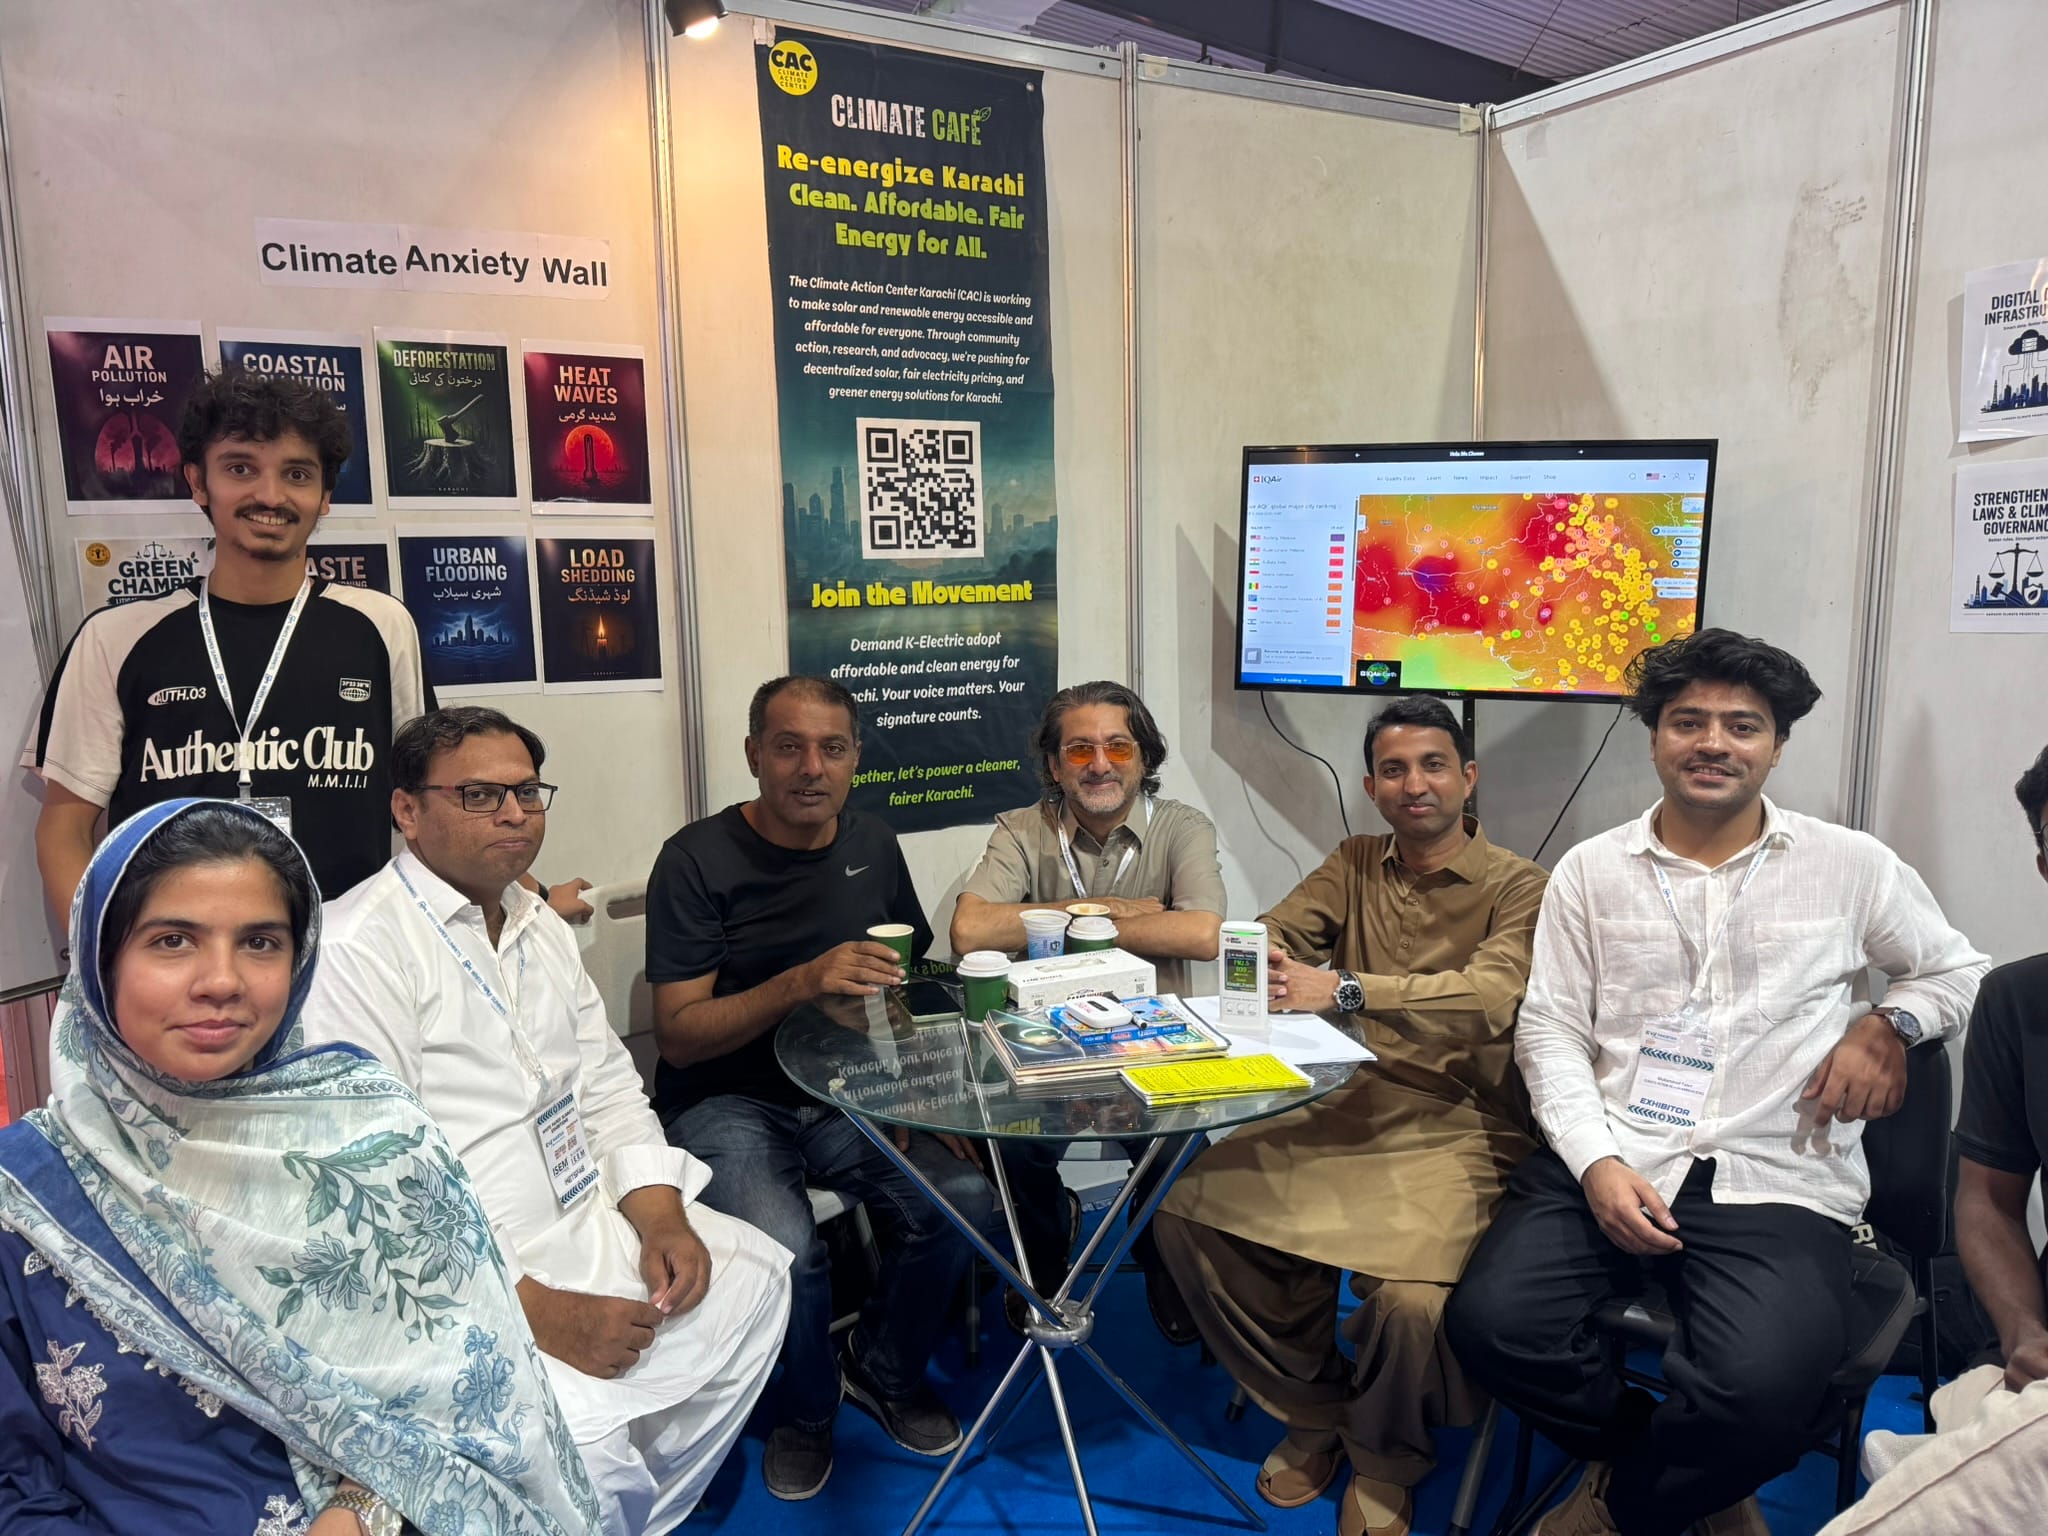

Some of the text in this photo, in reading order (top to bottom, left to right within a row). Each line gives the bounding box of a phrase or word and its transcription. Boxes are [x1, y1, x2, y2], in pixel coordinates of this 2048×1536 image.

[771, 50, 812, 71] CAC
[778, 69, 808, 78] CLIMATE
[780, 81, 807, 90] CENTER
[831, 94, 926, 138] CLIMATE
[777, 144, 1025, 197] Re-energize Karachi
[789, 183, 1025, 230] Clean. Affordable. Fair
[835, 222, 988, 259] Energy for All.
[262, 243, 607, 286] Climate Anxiety Wall
[789, 275, 1031, 307] The Climate Action Center Karachi (CAC) is working
[1991, 289, 2039, 310] DIGITAL
[789, 297, 1033, 326] to make solar and renewable energy accessible and
[805, 320, 1020, 347] affordable for everyone. Through community
[104, 345, 155, 370] AIR
[243, 353, 345, 376] COASTAL
[393, 349, 496, 371] DEFORESTATION
[796, 341, 1029, 367] action, research, and advocacy, we're pushing for
[92, 370, 167, 383] POLLUTION
[434, 373, 445, 386] کی
[559, 365, 611, 386] HEAT
[804, 363, 1024, 386] decentralized solar, fair electricity pricing, and
[123, 389, 164, 407] خراب
[554, 384, 618, 405] WAVES
[829, 387, 1003, 403] greener energy solutions for Karachi.
[558, 408, 617, 423] شدید گرمی
[1261, 475, 1282, 484] IQAir
[1974, 488, 2048, 506] STRENGTHEN
[1972, 506, 2005, 521] LAWS
[2008, 505, 2017, 519] &
[432, 547, 497, 565] URBAN
[570, 548, 624, 568] LOAD
[119, 560, 194, 578] GREEN
[305, 556, 367, 580] ASTE
[425, 564, 508, 582] FLOODING
[560, 569, 636, 583] SHEDDING
[433, 586, 502, 601] شہری سیلاب
[613, 589, 631, 604] لوڈ
[812, 580, 1032, 608] Join the Movement
[851, 632, 1001, 652] Demand K-Electric adopt
[831, 655, 1020, 679] affordable and clean energy for
[154, 687, 207, 704] AUTH.03
[851, 680, 1025, 703] chi. Your voice matters. Your
[876, 707, 982, 729] signature counts.
[140, 726, 375, 783] Authentic Club
[852, 757, 1021, 788] gether, let's power a cleaner,
[889, 785, 975, 806] fairer Karachi.
[1639, 1097, 1691, 1116] EXHIBITOR
[552, 1158, 569, 1176] ISEM
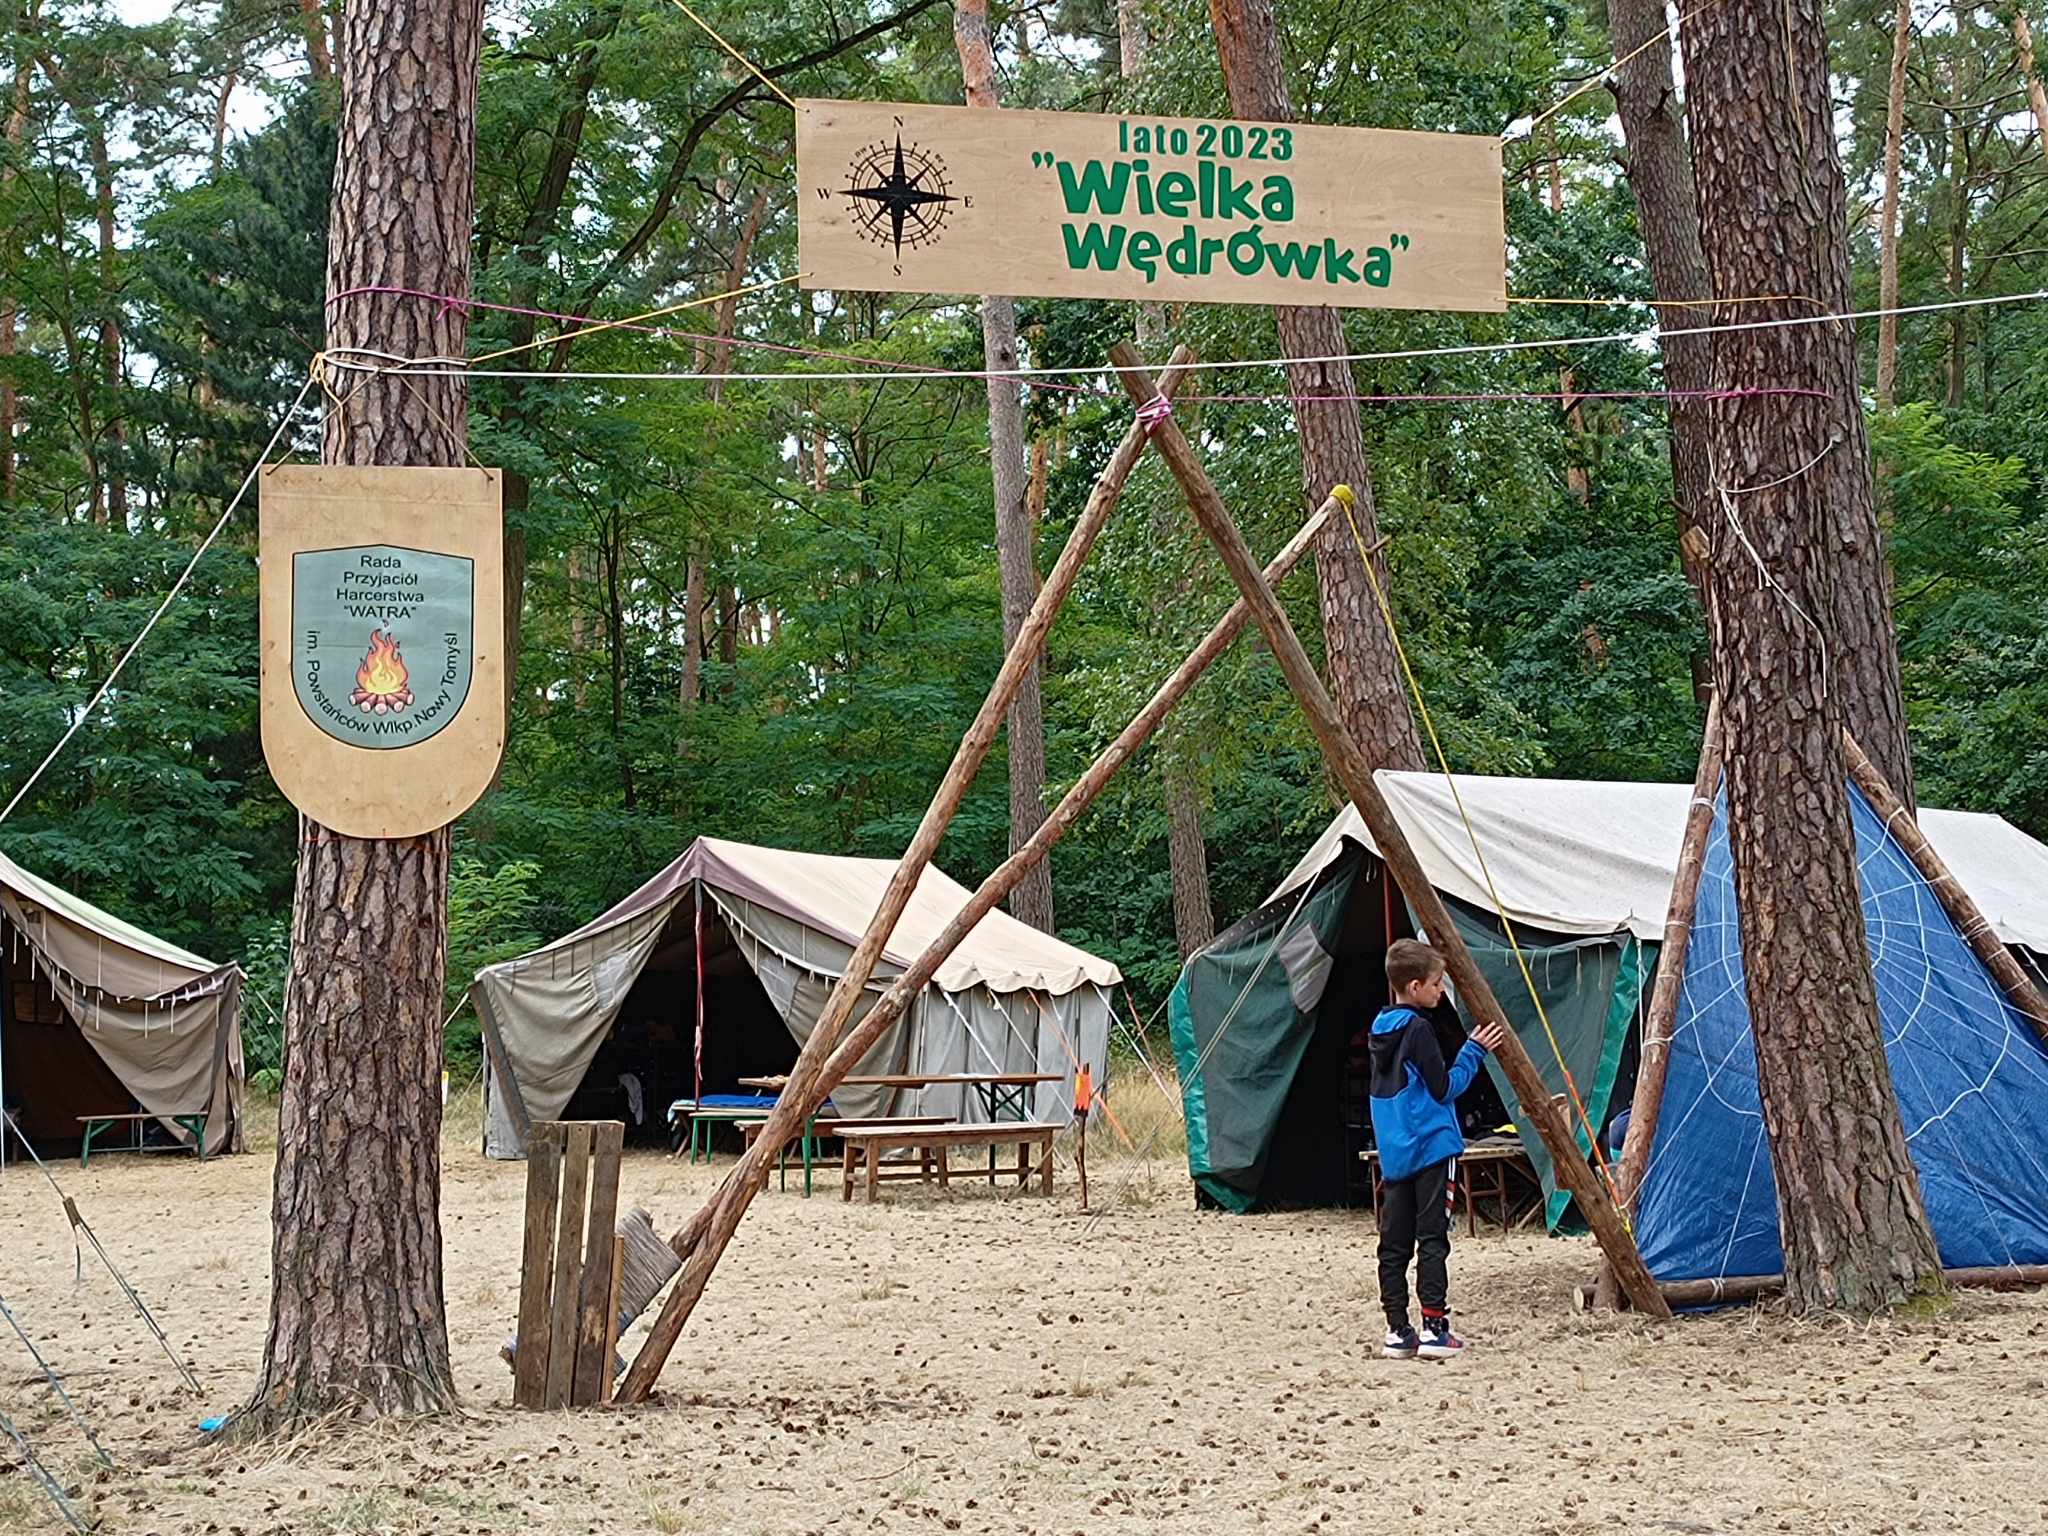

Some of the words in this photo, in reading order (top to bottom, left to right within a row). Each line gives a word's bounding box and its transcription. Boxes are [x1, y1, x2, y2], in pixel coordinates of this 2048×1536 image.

[894, 116, 904, 128] N
[1118, 120, 1189, 155] lato
[1196, 124, 1293, 161] 2023
[816, 188, 832, 200] W
[964, 196, 974, 208] E
[893, 264, 902, 276] S
[360, 555, 402, 568] Rada
[343, 571, 418, 587] Przyjaciół
[336, 588, 425, 602] Harcerstwa
[306, 630, 320, 654] im.
[440, 632, 461, 686] Tomyśl
[307, 660, 370, 733] Powstańców

• **YOUR GOAL**
Please copy the data shown above word for word, omitting the pictures.

• **ANSWER TO THE EXERCISE**
Some of the text in this photo, in reading order (top to bottom, left to right within a row). Each line gives the bounding box of a phrase or word and its transcription. Boxes are [x1, y1, x2, y2], in pixel coordinates of this 2048×1536 image.

[771, 50, 812, 71] CAC
[778, 69, 808, 78] CLIMATE
[780, 81, 807, 90] CENTER
[831, 94, 926, 138] CLIMATE
[777, 144, 1025, 197] Re-energize Karachi
[789, 183, 1025, 230] Clean. Affordable. Fair
[835, 222, 988, 259] Energy for All.
[262, 243, 607, 286] Climate Anxiety Wall
[789, 275, 1031, 307] The Climate Action Center Karachi (CAC) is working
[1991, 289, 2039, 310] DIGITAL
[789, 297, 1033, 326] to make solar and renewable energy accessible and
[805, 320, 1020, 347] affordable for everyone. Through community
[104, 345, 155, 370] AIR
[243, 353, 345, 376] COASTAL
[393, 349, 496, 371] DEFORESTATION
[796, 341, 1029, 367] action, research, and advocacy, we're pushing for
[92, 370, 167, 383] POLLUTION
[434, 373, 445, 386] کی
[559, 365, 611, 386] HEAT
[804, 363, 1024, 386] decentralized solar, fair electricity pricing, and
[123, 389, 164, 407] خراب
[554, 384, 618, 405] WAVES
[829, 387, 1003, 403] greener energy solutions for Karachi.
[558, 408, 617, 423] شدید گرمی
[1261, 475, 1282, 484] IQAir
[1974, 488, 2048, 506] STRENGTHEN
[1972, 506, 2005, 521] LAWS
[2008, 505, 2017, 519] &
[432, 547, 497, 565] URBAN
[570, 548, 624, 568] LOAD
[119, 560, 194, 578] GREEN
[305, 556, 367, 580] ASTE
[425, 564, 508, 582] FLOODING
[560, 569, 636, 583] SHEDDING
[433, 586, 502, 601] شہری سیلاب
[613, 589, 631, 604] لوڈ
[812, 580, 1032, 608] Join the Movement
[851, 632, 1001, 652] Demand K-Electric adopt
[831, 655, 1020, 679] affordable and clean energy for
[154, 687, 207, 704] AUTH.03
[851, 680, 1025, 703] chi. Your voice matters. Your
[876, 707, 982, 729] signature counts.
[140, 726, 375, 783] Authentic Club
[852, 757, 1021, 788] gether, let's power a cleaner,
[889, 785, 975, 806] fairer Karachi.
[1639, 1097, 1691, 1116] EXHIBITOR
[552, 1158, 569, 1176] ISEM

Some of the words in this photo, in reading order (top to bottom, left to right within a row). Each line gives a word's bounding box and its transcription. Boxes are [x1, y1, x2, y2], in pixel coordinates of this 2048×1536 image.

[894, 116, 904, 128] N
[1118, 120, 1189, 155] lato
[1196, 124, 1293, 161] 2023
[816, 188, 832, 200] W
[964, 196, 974, 208] E
[893, 264, 902, 276] S
[360, 555, 402, 568] Rada
[343, 571, 418, 587] Przyjaciół
[336, 588, 425, 602] Harcerstwa
[306, 630, 320, 654] im.
[440, 632, 461, 686] Tomyśl
[307, 660, 370, 733] Powstańców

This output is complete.